» **What the task asks**: Write out the data again exactly, skipping every picture.

━━━━━━

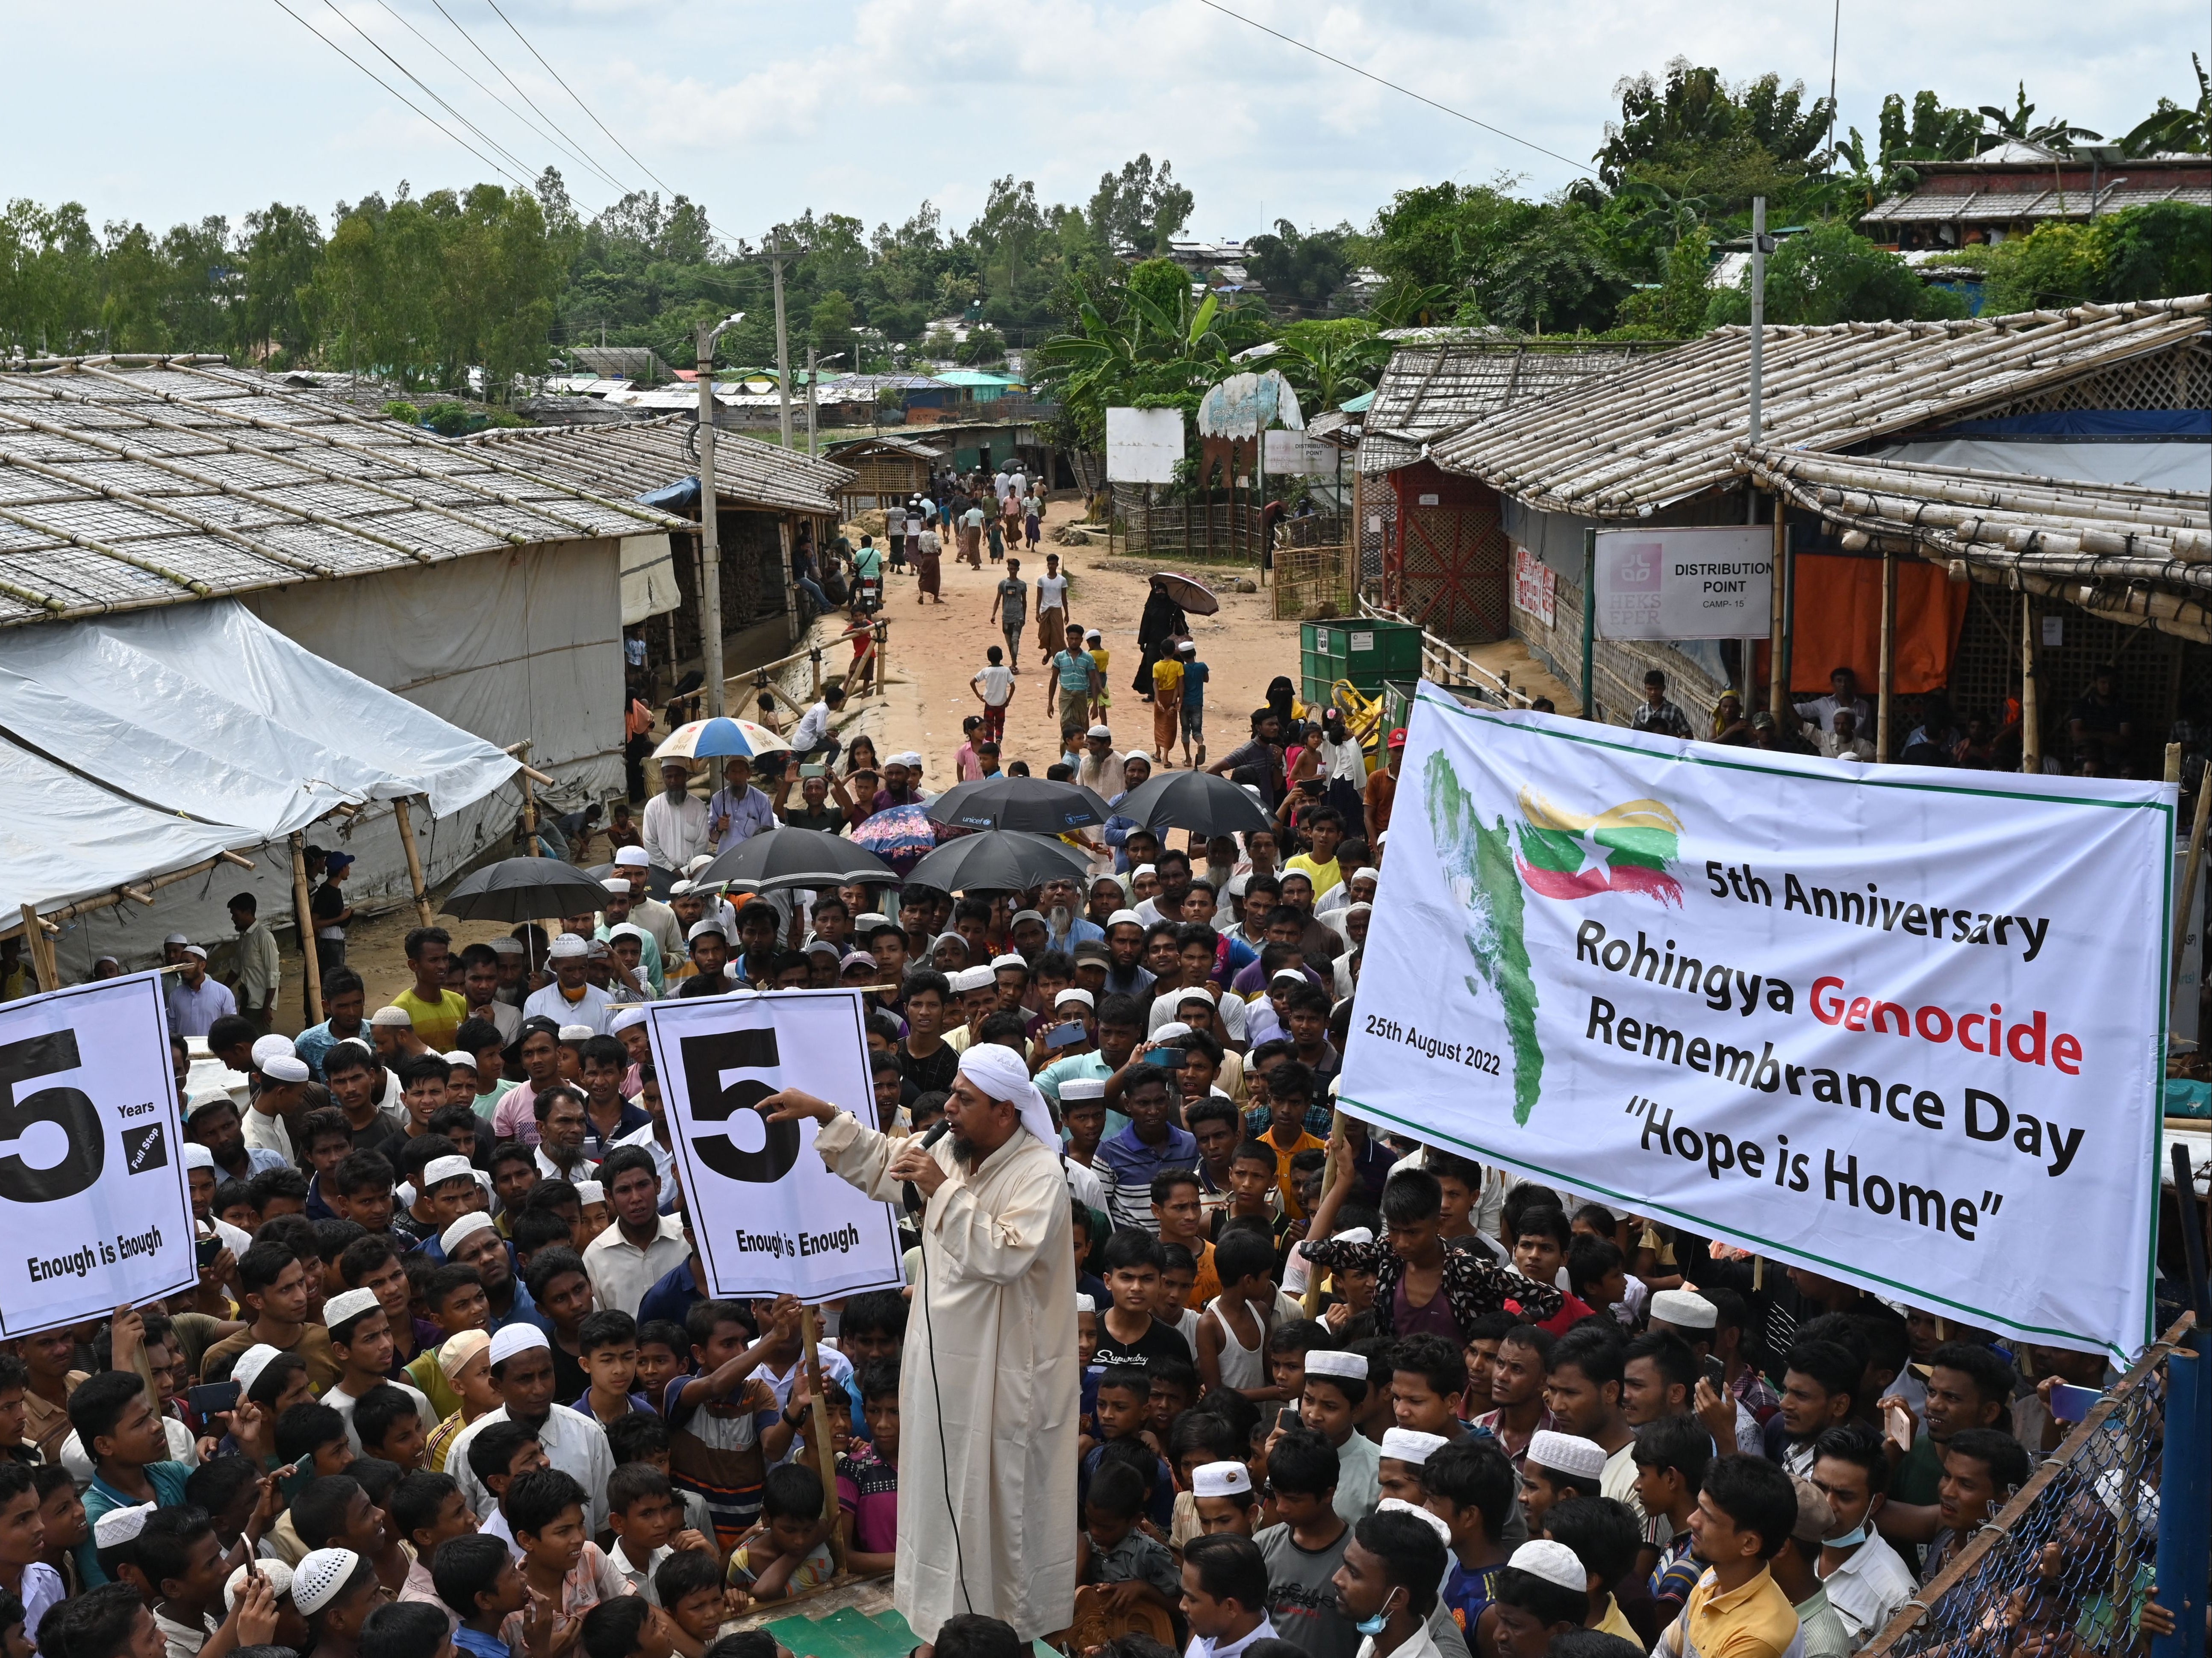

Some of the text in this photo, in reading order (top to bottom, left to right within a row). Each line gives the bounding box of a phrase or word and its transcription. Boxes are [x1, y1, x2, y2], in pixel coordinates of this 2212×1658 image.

[1610, 594, 1661, 610] HEKS
[1703, 580, 1747, 593] POINT
[1735, 599, 1744, 608] 15
[1610, 611, 1660, 625] EPER
[962, 816, 984, 825] unicef
[1706, 861, 2050, 962] 5th Anniversary
[1577, 920, 2083, 1075] Rohingya Genocide
[1365, 1015, 1500, 1076] 25th August 2022
[117, 1100, 154, 1119] Years
[680, 1027, 801, 1183] 5
[1586, 996, 2085, 1177] Remembrance Day
[0, 1028, 105, 1204] 5
[131, 1127, 159, 1169] Full Stop
[1775, 1135, 1809, 1192] is
[27, 1224, 163, 1283] Enough is Enough
[736, 1222, 860, 1259] Enough is Enough

━━━━━━

» **Exercise result**:
Some of the text in this photo, in reading order (top to bottom, left to right within a row). Each line gives the bounding box of a phrase or word and its transcription. Boxes are [x1, y1, x2, y2], in pixel coordinates of this 2212×1658 image.

[1610, 594, 1661, 610] HEKS
[1703, 580, 1747, 593] POINT
[1735, 599, 1744, 608] 15
[1610, 611, 1660, 625] EPER
[962, 816, 984, 825] unicef
[1706, 861, 2050, 962] 5th Anniversary
[1577, 920, 2083, 1075] Rohingya Genocide
[1365, 1015, 1500, 1076] 25th August 2022
[117, 1100, 154, 1119] Years
[680, 1027, 801, 1183] 5
[1586, 996, 2085, 1177] Remembrance Day
[0, 1028, 105, 1204] 5
[131, 1127, 159, 1169] Full Stop
[1775, 1135, 1809, 1192] is
[27, 1224, 163, 1283] Enough is Enough
[736, 1222, 860, 1259] Enough is Enough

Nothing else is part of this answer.